Finding A Way Forward

By Paul Rigg

BJ Barham, American Aquarium's founder, named the band's latest album Lamentations (1 May 2020; New West Records) in reference to personal sorrows, the book of the Bible and the death of the American Dream. 

The themes of his songs, which have often been compared with Bruce Springsteen, deal with retrospective regret in its myriad forms and the difficulties faced by those at rock bottom. “I wanted to write a record about the things that break us as human beings,” Barham says. “Financial ruin, the loss of a significant other, loss of a child, addiction, vices, divorce — all of these things appear on the record.
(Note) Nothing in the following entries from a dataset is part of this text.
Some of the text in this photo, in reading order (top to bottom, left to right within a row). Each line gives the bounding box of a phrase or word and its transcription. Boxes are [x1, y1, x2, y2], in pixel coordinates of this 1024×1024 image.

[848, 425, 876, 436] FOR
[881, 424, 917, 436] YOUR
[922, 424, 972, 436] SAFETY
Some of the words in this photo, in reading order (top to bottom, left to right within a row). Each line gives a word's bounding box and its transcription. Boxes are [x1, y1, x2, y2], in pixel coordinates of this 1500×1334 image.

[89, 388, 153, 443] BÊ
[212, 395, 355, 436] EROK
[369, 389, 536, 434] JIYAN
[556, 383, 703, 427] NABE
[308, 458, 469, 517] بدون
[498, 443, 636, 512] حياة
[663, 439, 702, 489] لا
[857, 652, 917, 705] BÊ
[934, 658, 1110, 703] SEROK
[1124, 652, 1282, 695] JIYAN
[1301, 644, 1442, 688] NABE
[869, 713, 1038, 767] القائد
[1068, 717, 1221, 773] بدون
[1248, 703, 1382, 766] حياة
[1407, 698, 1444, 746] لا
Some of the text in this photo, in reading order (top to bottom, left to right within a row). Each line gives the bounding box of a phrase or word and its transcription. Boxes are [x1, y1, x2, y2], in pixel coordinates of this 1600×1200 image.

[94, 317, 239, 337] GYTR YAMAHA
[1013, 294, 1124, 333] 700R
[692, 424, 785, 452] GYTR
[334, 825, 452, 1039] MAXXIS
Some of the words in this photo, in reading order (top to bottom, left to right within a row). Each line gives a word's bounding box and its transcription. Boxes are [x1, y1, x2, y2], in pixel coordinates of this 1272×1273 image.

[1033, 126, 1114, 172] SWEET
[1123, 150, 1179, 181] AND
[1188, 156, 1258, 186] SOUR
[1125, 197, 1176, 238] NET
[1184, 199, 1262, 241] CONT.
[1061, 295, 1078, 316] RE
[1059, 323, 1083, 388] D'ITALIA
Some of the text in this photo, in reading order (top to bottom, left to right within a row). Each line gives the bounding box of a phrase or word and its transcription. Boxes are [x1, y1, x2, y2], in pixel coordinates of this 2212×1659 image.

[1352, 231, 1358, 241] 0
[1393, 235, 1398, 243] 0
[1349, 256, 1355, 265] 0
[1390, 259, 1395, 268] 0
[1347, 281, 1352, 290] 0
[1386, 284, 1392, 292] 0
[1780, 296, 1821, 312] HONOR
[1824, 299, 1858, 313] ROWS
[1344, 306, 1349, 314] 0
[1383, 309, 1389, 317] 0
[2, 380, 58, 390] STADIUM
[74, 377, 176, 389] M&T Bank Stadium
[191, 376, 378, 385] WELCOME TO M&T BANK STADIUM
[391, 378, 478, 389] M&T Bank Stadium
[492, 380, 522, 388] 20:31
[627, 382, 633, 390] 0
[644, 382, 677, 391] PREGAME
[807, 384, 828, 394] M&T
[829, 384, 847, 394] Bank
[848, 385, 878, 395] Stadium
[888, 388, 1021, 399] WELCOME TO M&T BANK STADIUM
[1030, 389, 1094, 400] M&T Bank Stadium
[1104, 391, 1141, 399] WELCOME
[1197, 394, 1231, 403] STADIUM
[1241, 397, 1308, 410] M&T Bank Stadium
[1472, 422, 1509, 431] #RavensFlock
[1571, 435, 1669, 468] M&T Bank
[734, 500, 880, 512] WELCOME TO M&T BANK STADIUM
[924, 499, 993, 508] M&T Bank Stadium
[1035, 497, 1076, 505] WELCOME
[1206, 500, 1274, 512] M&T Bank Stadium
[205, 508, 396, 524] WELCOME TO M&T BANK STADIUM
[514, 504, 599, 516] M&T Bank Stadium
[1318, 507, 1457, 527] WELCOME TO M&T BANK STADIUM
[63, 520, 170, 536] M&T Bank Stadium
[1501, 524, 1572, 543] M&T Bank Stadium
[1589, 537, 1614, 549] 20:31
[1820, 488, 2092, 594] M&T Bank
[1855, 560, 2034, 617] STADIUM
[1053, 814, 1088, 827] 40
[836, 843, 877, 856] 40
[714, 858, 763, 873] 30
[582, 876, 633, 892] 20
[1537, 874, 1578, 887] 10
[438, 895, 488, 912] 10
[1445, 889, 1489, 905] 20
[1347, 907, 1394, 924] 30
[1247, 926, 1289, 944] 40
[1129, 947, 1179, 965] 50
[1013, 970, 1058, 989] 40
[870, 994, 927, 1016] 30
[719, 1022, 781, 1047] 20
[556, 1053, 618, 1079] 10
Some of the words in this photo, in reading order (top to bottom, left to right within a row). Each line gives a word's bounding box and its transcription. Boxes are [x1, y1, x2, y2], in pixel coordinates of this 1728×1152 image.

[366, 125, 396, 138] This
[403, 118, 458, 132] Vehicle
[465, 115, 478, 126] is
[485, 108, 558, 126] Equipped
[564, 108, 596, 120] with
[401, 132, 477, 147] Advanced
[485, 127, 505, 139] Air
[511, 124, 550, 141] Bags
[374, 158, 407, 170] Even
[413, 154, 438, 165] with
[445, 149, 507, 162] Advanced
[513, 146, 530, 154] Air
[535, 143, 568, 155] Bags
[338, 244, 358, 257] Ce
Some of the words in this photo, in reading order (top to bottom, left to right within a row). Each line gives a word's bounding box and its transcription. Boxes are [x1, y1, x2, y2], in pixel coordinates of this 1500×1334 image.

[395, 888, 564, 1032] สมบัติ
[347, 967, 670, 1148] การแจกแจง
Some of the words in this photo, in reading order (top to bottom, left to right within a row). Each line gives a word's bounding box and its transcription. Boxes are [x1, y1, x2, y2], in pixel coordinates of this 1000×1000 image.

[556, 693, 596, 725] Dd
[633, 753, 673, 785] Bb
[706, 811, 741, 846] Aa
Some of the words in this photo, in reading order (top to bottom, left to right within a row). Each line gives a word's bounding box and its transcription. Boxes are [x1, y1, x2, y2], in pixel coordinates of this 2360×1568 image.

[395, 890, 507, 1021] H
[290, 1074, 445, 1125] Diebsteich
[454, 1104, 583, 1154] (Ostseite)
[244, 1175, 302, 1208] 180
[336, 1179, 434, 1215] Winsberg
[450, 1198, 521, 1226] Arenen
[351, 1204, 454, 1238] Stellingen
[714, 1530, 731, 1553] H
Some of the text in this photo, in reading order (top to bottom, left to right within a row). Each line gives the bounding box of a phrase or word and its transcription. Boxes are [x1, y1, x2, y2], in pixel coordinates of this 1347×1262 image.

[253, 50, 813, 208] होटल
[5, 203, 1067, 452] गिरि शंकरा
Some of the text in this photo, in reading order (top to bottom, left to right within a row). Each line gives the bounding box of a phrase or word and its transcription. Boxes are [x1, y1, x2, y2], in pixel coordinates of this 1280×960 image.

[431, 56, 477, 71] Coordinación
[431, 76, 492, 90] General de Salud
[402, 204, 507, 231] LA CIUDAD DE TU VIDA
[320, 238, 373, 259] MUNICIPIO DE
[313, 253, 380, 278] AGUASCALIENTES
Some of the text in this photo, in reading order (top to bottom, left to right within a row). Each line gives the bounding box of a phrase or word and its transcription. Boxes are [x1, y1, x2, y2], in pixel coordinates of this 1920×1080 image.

Each song represents a different way that someone can be tested in their faith. Not just in God, [but] faith in humanity, faith in yourself.”
  

  

Barham suggests that often new possibilities arrive in especially tough moments, as they did, for example, when the band’s producer dropped out at the last moment and Shooter Jennings stepped in. Jennings was an inspired choice because he started by taking the new band– guitarist Shane Boeker, keyboardist Rhett Huffman, bassist Alden Hedges, pedal steel player Neil Jones, and drummer Ryan Van Fleet – back to his place ‘to get wrecked’ and listen to some classic rock, country rock and acoustic folk, to get a feel for the way the album might develop. The team responded by suggesting new sounds such as the introduction of whirling pedal steel (on Before the Dogwood Blooms), latin drums (on Brightleaf + Burley) or the unexpected horns and saxophone (on The Day I Learned to Lie To You). 
  

The album kicks off with the outstanding Me + Mine (Lamentations), which is dark but grand in scale. Barham’s previous writings suggest he is politically to the left but that never stops him challenging himself, seeking to understand and even showing respect for those who don’t share his view. ‘Neither the left or the right are going to fight for those in between…’ he sings to the backing of his Vintage 1950s Harmony Silvertone Hollowbody Archtop for the occasion (not his favorite acoustic guitar, a 1968 Reissue of a Gibson J-45 in cherry finish). Barham argues that people have been cheated and have had their dreams stolen from them: “And then a politician shows up, Promisin’ that he’ll return the jobs, That God himself could not bring back, Fool me once, shame on you, Fool me twice, shame on me, Yeah, that’s the day I gave up, On the American dream”. It’s tough, but the song’s coda is gloriously lush and makes you feel like you just want to stop whatever you are doing and listen attentively to whatever is to come.
 

 

And that patience is repaid by another outstanding cut, The Luckier You Get, to which it is easy to imagine a whole stadium of fans singing along.
“The harder you work, the luckier you get” Barham sings, which is a sentiment that he lives by and which he has tattooed across his chest. Barham says of this hand-clapping anthem:We were going for that late Eighties, early Nineties country, but if it was in an arena, like if Springsteen did it. I can’t wait to tour, because that’s going to be the one you start and have the crowd singing with you.”
   

The band show their chops and their diversity on songs like their driving rock number Starts With You; the poignant and political A Better South (down here we’re still fighting for all the wrong reasons…  on the right side of history, we’re always late”); the angst-ridden Six Years Come September (since the day that you left me, six years since September, I’ve been cursed with this clarity”); and the reflective, gospel-tinged, album closer The Long Haul (“see the hardest part of getting sober, is learning a drinking buddy ain’t the same thing as a friend”).
  

 

The subject matter of Lamentations could easily have made you want to reach for your 9mm,
but Barham’s lyrical skill and his belief that individuals can rise above the tough situations they find themselves in helps both inspire and define a way forward. It’s funny how these silver linings show themselves…” Barham says. “and if you’re willing to pull at that thread a little bit, it can work out even better.”